What is happening here is that the small business community know they have no friend in the government. They are not sure anyone in the government could recognise a small business. They have seen no evidence that the plight of small business, a crucial contributor to our economy and our communities, has featured at all in the government's consideration around the carbon tax. This carbon tax hurts no-one more than the small business community and the government should be condemned for their indifference. (Time expired)

3:30 pm

Photo of Brendan O'ConnorBrendan O'Connor (Gorton, Australian Labor Party, Minister for Emergency Management) Share this | | Hansard source

The member for Dunkley sometimes thinks that the faster you talk and the more words you use in 15 minutes somehow provides a compelling case in advance of his particular resolution entitled: 'The adverse effect of the carbon tax on small business'. I listened closely to the member for Dunkley, but at no point did he really outline the case that there was a significant impost upon small business. In fact, this government has been very focused to ensure that small business was impacted in a very negligible way by pricing carbon. The last thing we will do is be lectured to by the opposition who, when in government, imposed the GST upon the small business community. The last thing I really need is a lecture from the member for Dunkley on how to look after small business, given the efforts by the Howard government to turn every small business in this country into an unpaid tax collector. So I need not have any lectures from those opposite. Even when I go around the country and speak to small businesses and ask them about government regulation, the first thing out of their mouths about the concerns they have in relation to government was the imposition of the GST and its impact upon small business. So I hardly need any lectures from the member for Dunkley or the Leader of the Opposition in relation to how we look after small business in this country.

With that in mind, this government wants to ensure that the small business community would not have any imposts placed upon them in relation to pricing carbon in the context of this very important reform. As the Prime Minister and others have said, it is important that we bring about this reform for this country so that we do reduce carbon and see some structural change in our economy, because we are a high carbon emitter. That is important. At one point in time every Liberal leader and Labor leader supported a market based approach to pricing carbon. Indeed, Prime Minister Howard supported a market based approach to pricing carbon. Malcolm Turnbull and Brendan Nelson did. And, of course, Tony Abbott, the current Leader of the Opposition, did at one point support a market based approach to pricing carbon when it suited him, and when it suited him to do otherwise he chose to wage one of the most reckless and negative scare campaigns this country has ever seen upon Australians and, in particular, on the small business community. I find that rather offensive and very unfortunate.
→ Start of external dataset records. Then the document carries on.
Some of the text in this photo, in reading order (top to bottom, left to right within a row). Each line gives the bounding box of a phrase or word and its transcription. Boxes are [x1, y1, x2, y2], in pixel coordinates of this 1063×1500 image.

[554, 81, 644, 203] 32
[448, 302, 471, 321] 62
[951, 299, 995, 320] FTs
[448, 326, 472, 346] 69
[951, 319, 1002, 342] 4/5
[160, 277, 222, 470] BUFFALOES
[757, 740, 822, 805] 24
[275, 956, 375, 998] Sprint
But I do believe that the small business community are very sensible, hard-working Australians and when the facts reveal themselves from 1 July they will realise that the myths and the untruths told by the Leader of the Opposition and by the member for Dunkley and others will be exposed and the truth will reveal itself. We do this important reform knowing it is difficult but knowing it is essential, and we do this knowing that we are in a very good economic situation. It is important to make that point because we wanted to ensure that small business are able to cope with these changes, negligible as they are, upon them. Just remember this: no reporting on carbon; no requirements to report to government; no tax to be paid; no tax to be collected; and, indeed, in relation to the CPI, a 0.7 per cent impact. For that reason, there are some follow-through on costs, but they are relatively negligible. They are about one-quarter of the costs associated with the GST. We are not even taking into account, of course, all those other imposts that were applied by the Howard government on the small business community.
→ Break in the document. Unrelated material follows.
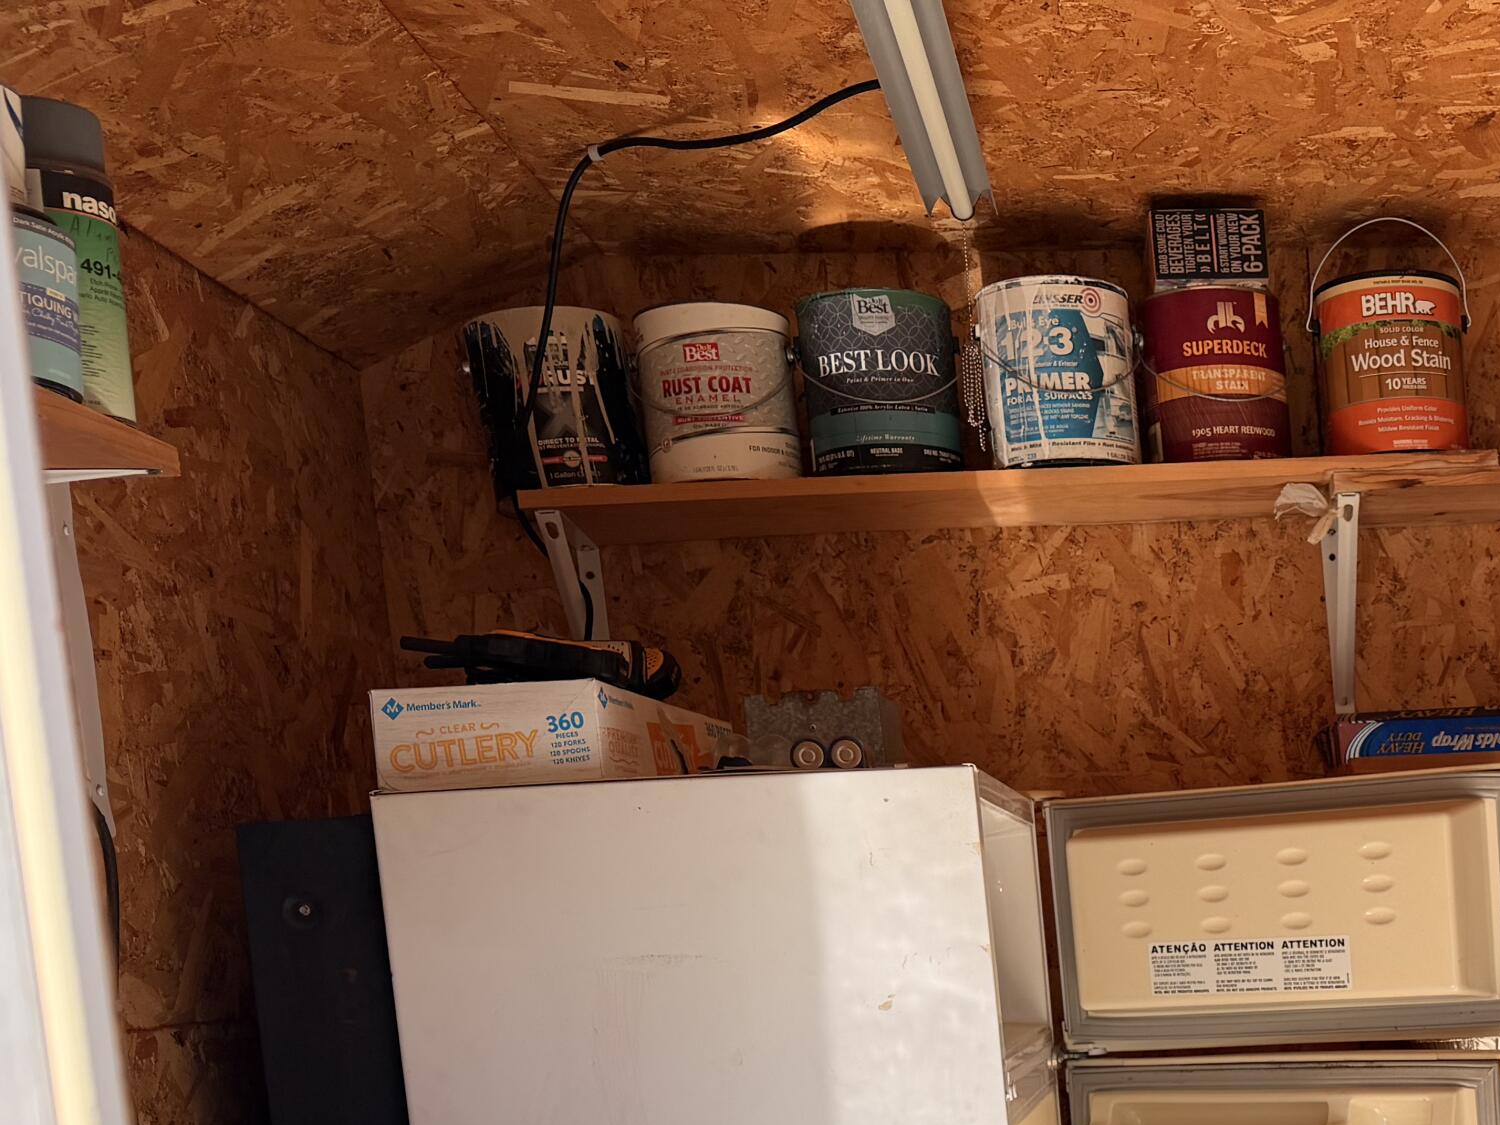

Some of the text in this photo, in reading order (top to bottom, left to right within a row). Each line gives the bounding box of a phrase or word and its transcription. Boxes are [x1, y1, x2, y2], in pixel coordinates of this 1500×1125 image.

Can I remind the House that we do have a very good economic conditions? We are returning the budget to surplus—that is very important—to provide confidence both here and overseas about the state of our economy. We are one of the very few developed nations that can even make that point about returning the budget to surplus. We have relatively low unemployment, around five per cent, and an increasing participation rate in our economy. We have very good economic growth and the lowest official cash rate that we have seen at any time under the Howard government. We have seen a reduction in the official cash rate in the last couple months of 75 basis points. What does that mean for small business? That means it provides them with greater opportunities to access loans, because interest rates are falling. And, of course, we have seen contained inflation. To see lower unemployment and contained inflation in this way is truly remarkable in the context of other developed nations around the world who are confronted with double-digit unemployment, inflation and some very serious challenges to their economies.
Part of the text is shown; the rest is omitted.